The Corner Pharmacist
flaxseed

A small pilot study conducted by researchers at the esteemed Mayo Clinic shows that postmenopausal women who used dietary flaxseed daily reported a 50% reduction in hot flashes over the course of six weeks. The women were not taking estrogen.

Published in the Journal of the Society for Integrative Oncology, the study enrolled 29 postmenopausal women, median age 55, in the study. To join the study, women had to have at least 14 hot flashes a week for at least one month. Over the course of the study, the women sprinkled 40 grams of crushed flaxseed daily into yogurt or cereal or mixed it with orange juice or water.

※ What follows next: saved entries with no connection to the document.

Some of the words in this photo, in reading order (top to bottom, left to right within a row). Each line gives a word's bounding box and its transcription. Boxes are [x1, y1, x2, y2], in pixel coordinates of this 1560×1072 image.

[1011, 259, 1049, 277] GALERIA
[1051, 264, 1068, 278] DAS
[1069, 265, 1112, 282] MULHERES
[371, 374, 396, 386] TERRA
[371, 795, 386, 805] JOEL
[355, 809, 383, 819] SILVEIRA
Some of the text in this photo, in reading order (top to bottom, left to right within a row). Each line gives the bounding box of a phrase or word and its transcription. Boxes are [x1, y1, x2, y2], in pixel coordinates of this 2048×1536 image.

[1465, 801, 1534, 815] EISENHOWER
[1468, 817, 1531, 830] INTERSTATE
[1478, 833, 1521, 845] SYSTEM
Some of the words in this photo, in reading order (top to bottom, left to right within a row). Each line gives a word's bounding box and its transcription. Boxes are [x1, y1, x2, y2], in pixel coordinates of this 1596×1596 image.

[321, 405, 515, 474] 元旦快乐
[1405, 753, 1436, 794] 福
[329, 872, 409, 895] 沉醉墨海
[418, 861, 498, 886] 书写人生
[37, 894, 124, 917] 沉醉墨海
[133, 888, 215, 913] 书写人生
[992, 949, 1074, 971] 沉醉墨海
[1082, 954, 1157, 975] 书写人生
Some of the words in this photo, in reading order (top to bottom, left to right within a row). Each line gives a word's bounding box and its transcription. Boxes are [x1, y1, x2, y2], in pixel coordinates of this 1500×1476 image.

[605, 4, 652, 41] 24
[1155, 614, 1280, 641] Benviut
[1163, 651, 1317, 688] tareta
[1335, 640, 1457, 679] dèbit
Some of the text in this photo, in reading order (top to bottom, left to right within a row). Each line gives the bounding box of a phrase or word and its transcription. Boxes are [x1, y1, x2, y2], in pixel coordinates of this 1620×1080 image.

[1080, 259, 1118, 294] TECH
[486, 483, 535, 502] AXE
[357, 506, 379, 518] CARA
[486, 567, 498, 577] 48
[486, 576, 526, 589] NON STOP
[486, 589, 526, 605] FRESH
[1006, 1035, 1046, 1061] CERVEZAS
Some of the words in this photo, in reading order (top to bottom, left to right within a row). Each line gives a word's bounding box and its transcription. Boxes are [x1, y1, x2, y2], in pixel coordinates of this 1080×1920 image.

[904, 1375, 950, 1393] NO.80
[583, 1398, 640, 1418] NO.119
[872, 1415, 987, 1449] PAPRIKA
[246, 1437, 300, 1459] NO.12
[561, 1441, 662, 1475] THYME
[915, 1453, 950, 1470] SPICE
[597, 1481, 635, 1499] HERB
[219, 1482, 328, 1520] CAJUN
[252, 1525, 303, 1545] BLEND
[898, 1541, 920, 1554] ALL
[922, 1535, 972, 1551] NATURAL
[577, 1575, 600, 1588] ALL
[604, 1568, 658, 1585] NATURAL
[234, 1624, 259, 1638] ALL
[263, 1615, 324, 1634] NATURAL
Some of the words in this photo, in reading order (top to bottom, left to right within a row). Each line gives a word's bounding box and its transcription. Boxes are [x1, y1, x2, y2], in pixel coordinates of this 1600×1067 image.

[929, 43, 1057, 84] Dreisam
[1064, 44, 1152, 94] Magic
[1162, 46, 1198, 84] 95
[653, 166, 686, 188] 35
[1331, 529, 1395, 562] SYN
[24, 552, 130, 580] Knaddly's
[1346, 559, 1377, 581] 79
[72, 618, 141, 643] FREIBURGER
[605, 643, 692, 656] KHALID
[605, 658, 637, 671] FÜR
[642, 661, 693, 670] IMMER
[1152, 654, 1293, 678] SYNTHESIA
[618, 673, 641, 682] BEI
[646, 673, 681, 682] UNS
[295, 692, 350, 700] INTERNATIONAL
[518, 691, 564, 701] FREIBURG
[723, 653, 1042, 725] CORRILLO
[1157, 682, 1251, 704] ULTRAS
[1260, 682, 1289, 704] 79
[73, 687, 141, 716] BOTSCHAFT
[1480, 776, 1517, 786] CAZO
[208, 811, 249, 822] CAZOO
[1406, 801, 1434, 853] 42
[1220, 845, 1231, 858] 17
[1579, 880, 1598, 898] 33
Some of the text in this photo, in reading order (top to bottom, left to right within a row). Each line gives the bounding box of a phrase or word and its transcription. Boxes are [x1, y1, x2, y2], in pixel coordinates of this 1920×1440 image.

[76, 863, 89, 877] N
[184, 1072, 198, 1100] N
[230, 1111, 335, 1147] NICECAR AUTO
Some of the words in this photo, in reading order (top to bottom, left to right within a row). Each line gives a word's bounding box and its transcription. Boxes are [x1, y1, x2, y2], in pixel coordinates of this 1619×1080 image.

Twenty-one of the women completed the study. Of those 21, the frequency of hot flashes declined 50% and the hot flash score—a combined measure of a flash’s severity and frequency—was found to have decreased about 57%.

“Flaxseed worked very well,” said Dr. Sandhya Pruthi, director of the Mayo Breast Clinic at the Mayo Clinic in Rochester, MN. “The women who used it said it really helped them. By the second or third week, most women noticed improvement.”

Hormone replacement therapy, particularly estrogen, had been a longtime favorite weapon against hot flashes. However, long-term hormone replacement therapy has fallen out of favor since a large study known as the Women’s Health Initiative found an increased risk of heart disease, breast cancer and other problems.